Both Google & Amazon have connections to it, of course. Giving them access to your DNA sequence, blood type, and mental health?
PASS.
No way that I would want my medical info in Google or Amazon's system. What a mess it could be if they get hacked.
Quote:
Originally Posted by heavymind
Wait until they get hacked and people get stuck inside, like the guitarist in Spinal Tap who got trapped in that pod thing onstage. What happens if there's a power outage and a visitor can't get out? I can foresee an older person getting confused and scared if the lights went out in there.
I don't think I've seen spinal tap. I google searched to read about it, see that it actually happened in the 70's to a guitarist who got stuck in a huge clam shell.
I would hope there would be some kind of back up way to get out of a pod. They should have a battery backup to keep the lights on and unlock the door. I do agree that there will be some sort of issues with them.
Maybe rich people could afford $99 a month, but most people couldn't. And even I can think of a millions way that that could go wrong and resily in massive lawsuits!
It's gonna happen because in many SCIFI movies such as Star Trek they use a scanner device on a patient and the computer tells them what's wrong with the person right away.
A doctor is trained to look for vitals, blood, urine, heartbeat, and blood pressure then depending on the metrics and different condition they are trained to determine what the problems are. A good experienced doctor is expensive and hard to find. Training AI to do this would be much cheaper and in the long run more effective with triage.
It's gonna happen because in many SCIFI movies such as Star Trek they use a scanner device on a patient and the computer tells them what's wrong with the person right away.
A doctor is trained to look for vitals, blood, urine, heartbeat, and blood pressure then depending on the metrics and different condition they are trained to determine what the problems are.

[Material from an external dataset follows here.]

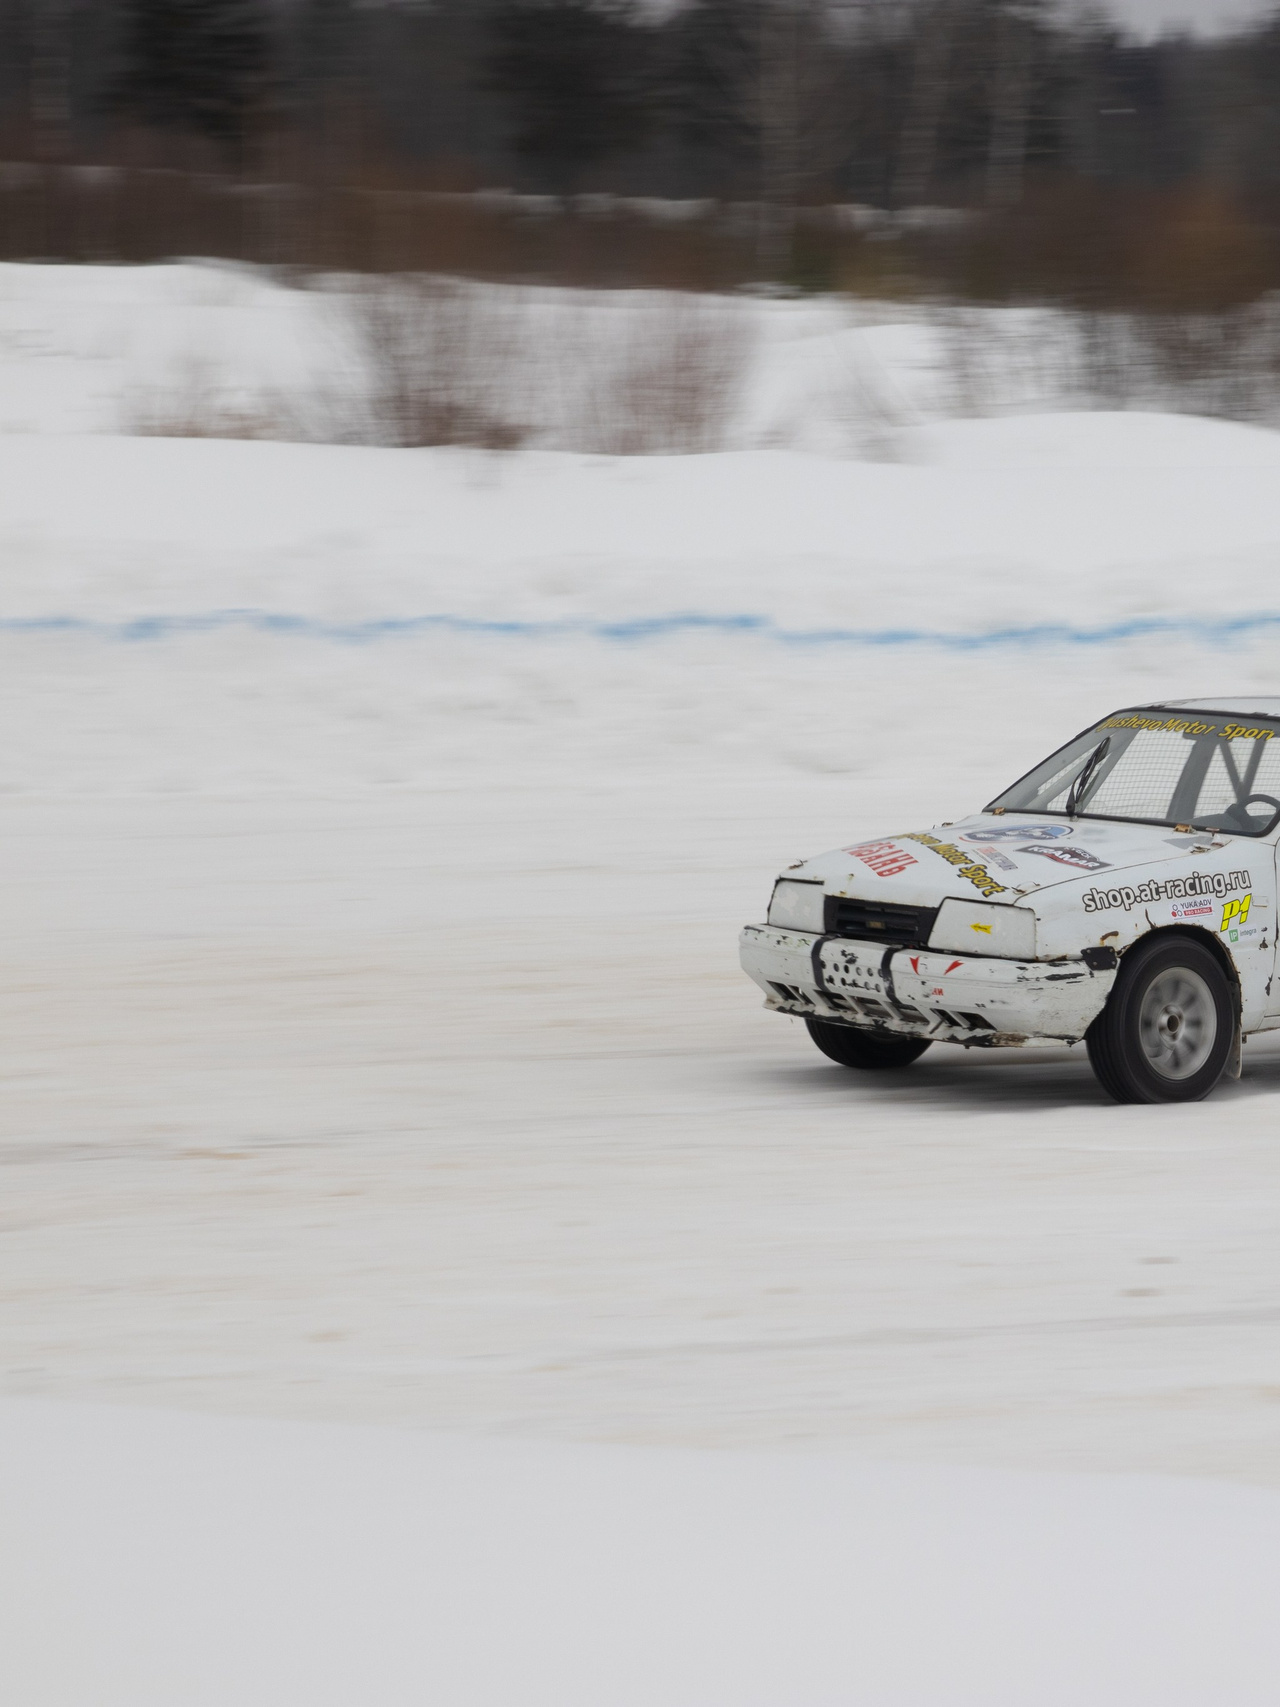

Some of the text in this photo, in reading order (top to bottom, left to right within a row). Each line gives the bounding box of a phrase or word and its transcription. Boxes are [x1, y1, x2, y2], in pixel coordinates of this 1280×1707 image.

A good experienced doctor is expensive and hard to find. Training AI to do this would be much cheaper and in the long run more effective with triage.
Hopefully might be cheaper/easier for people who need frequent checkups... but maybe not at $99/month, unless they're going every week or something. Assuming that eventually the price will go down, though.
However, will this be something insurance companies start forcing on people who'd rather see a real person?
Someday perhaps. Right now it's probably mostly theoretical, or worst case, in Theranos territory.